Outros procedimentos também precisaram ser adaptados à violência da cidade.
“Foi quando começamos a diagnosticar a chamada síndrome do compartimento abdominal. São casos de arma de fogo de muito trauma, em que o paciente evolui mal e o intestino fica tão inchado que leva a um colapso circulatório”, diz. “Descobrimos que se abríssemos e deixássemos o intestino para fora, a pressão voltava na hora.”
Além dos ferimentos por tiros, esses médicos também estão acostumados a uma convivência constante com policiais e criminosos na emergência. Pelo menos um PM fica sempre 24 horas de plantão ali para registrar ocorrências.
“A gente tem uma máxima de hospital público”, afirma o cirurgião ortopédico Ricardo Farias.
“Sempre que os policiais chegam correndo desesperados ou num grupo grande, é porque algo deu errado. Quando é bandido eles vêm devagarinho, com a sirene desligada.”
Conselheiro do Cremerj (conselho de medicina), Farias trabalhou sete anos em prontos-socorros na capital.
Se esse preso tem que ficar internado, o clima é de tensão. O medo é haver tentativas de resgate pela quadrilha, por exemplo. Fica todo mundo incomodado, querendo estabilizar logo o paciente para que ele seja transferido para uma delegacia ou unidade prisional, relatam os médicos.
Isso porque não existem mais hospitais penitenciários no Rio, apenas uma UPA no complexo prisional de Bangu (zona norte) que não atende casos de alta complexidade. Então, o custodiado normalmente fica junto com os outros doentes, vigiado por policiais.
Um caso que causou trauma no Rio foi o do traficante Márcio Greick em 2001. Em um resgate cinematográfico, cerca de 20 homens com fuzis invadiram o hospital de Bonsucesso, desceram do quarto andar com o criminoso algemado à cama, espancaram vigilantes, feriram pacientes e mataram um policial.
Mas também é comum ocorrerem ameaças e agressões mais veladas a profissionais da saúde, normalmente em locais conflagrados.
“Quando sinto que tem alguma coisa errada, tento conversar o mínimo possível com o paciente, e, de preferência, peço sempre um policial por perto”, conta Silvia, que hoje trabalha em unidades da Região dos Lagos.
Ela lembra de uma colega pediatra no hospital Getúlio Vargas que foi morta, anos atrás, após não atender ao pedido de um pai para que sua filha fosse examinada primeiro. “Esse vai ser seu último plantão”, teria dito ele um dia antes do assassinato.
Em outra ocasião, uma paciente deu um tapa na cara de uma residente quando ela abriu a porta da sala de sutura para chamar o próximo da fila abarrotada.
No Hospital da Posse, em Nova Iguaçu, outro pai nervoso cortou o rosto de uma médica com um canivete.
As agressões a médicos continuam sendo tão frequentes que no ano passado o Cremerj decidiu criar um canal para computá-las.

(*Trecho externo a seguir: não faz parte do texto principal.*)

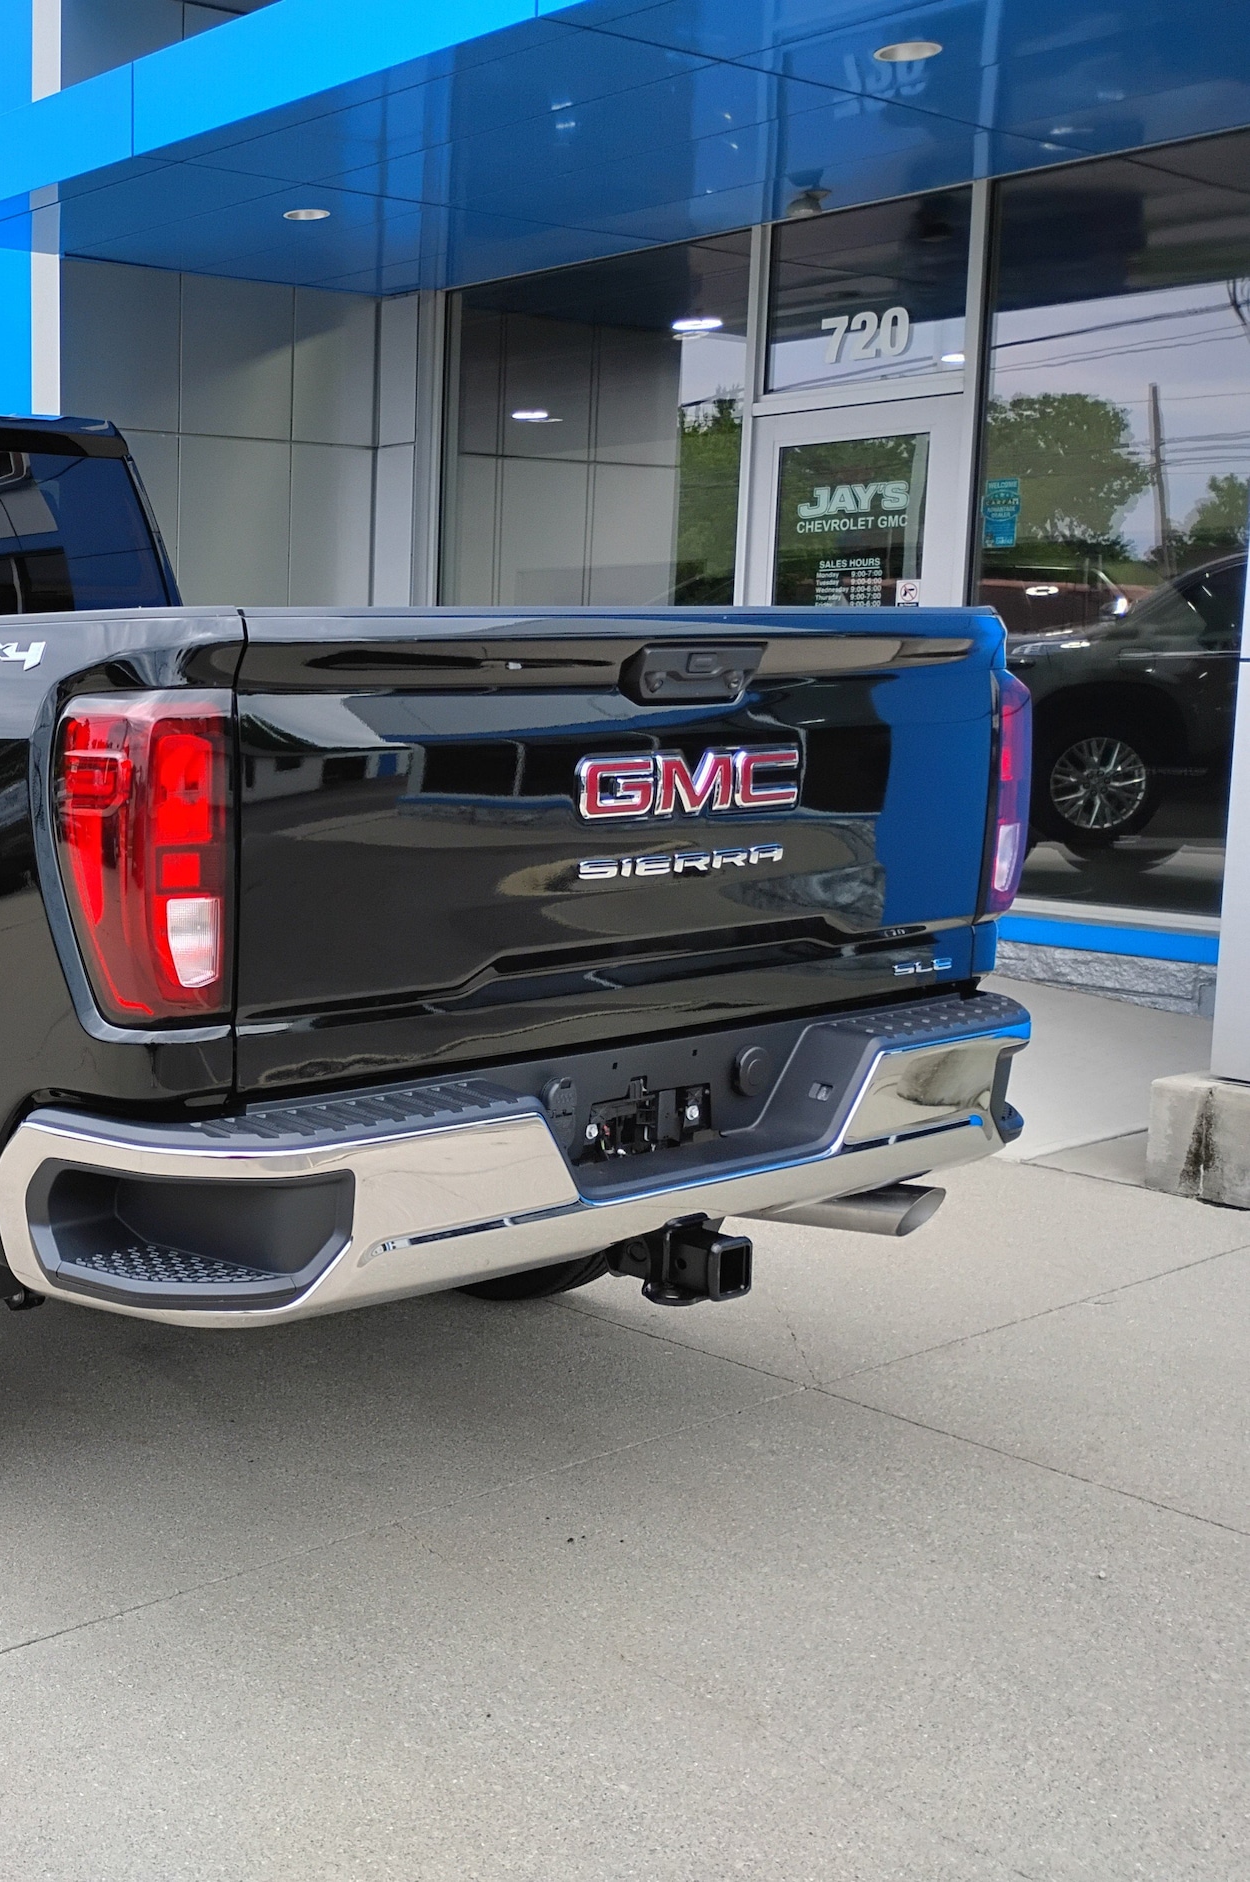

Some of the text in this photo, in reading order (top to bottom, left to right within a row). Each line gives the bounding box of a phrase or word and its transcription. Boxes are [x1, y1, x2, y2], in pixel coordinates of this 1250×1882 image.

De dezembro a agosto, foram registrados 69 casos —um a cada quatro dias—, alguns deles com ataques físicos.
No caso do clínico Noronha, ex-chefe da emergência de Bonsucesso, as ameaças saíram dos corredores e entraram na própria administração da unidade, a maior do estado. “Eu quero o Noronha morto e enterrado”, teria dito numa conversa gravada um homem ligado à antiga direção.
Essa gestão está sendo investigada desde 2018 por suspeita de envolvimento com milícias, que atuariam recebendo dinheiro para furar a fila de consultas e exames.

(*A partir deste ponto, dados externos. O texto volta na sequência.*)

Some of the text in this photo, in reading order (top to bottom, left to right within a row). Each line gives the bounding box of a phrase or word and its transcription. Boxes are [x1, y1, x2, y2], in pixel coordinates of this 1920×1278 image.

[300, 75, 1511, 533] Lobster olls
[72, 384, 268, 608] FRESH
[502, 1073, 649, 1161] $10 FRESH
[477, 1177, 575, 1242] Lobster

No início do ano, uma equipe do Ministério da Saúde disse ter sido intimidada ao tentar fazer uma vistoria.
Noronha também não tira da cabeça um outro caso que viveu no hospital em meados de 2010, quando a unidade ainda passava por longas reformas e a emergência era feita em contêineres.
“Chegou um Caveirão da polícia com nove corpos, nem sei por que levaram para lá, um estava com o tampo da cabeça estourado.”
Apesar de tudo, ressalta ele, médico é médico. “Médico não é juiz, para a gente não faz diferença se é policial, se é bandido, se é vítima de assalto. Você cuida de acordo com a gravidade do ferimento e pronto.”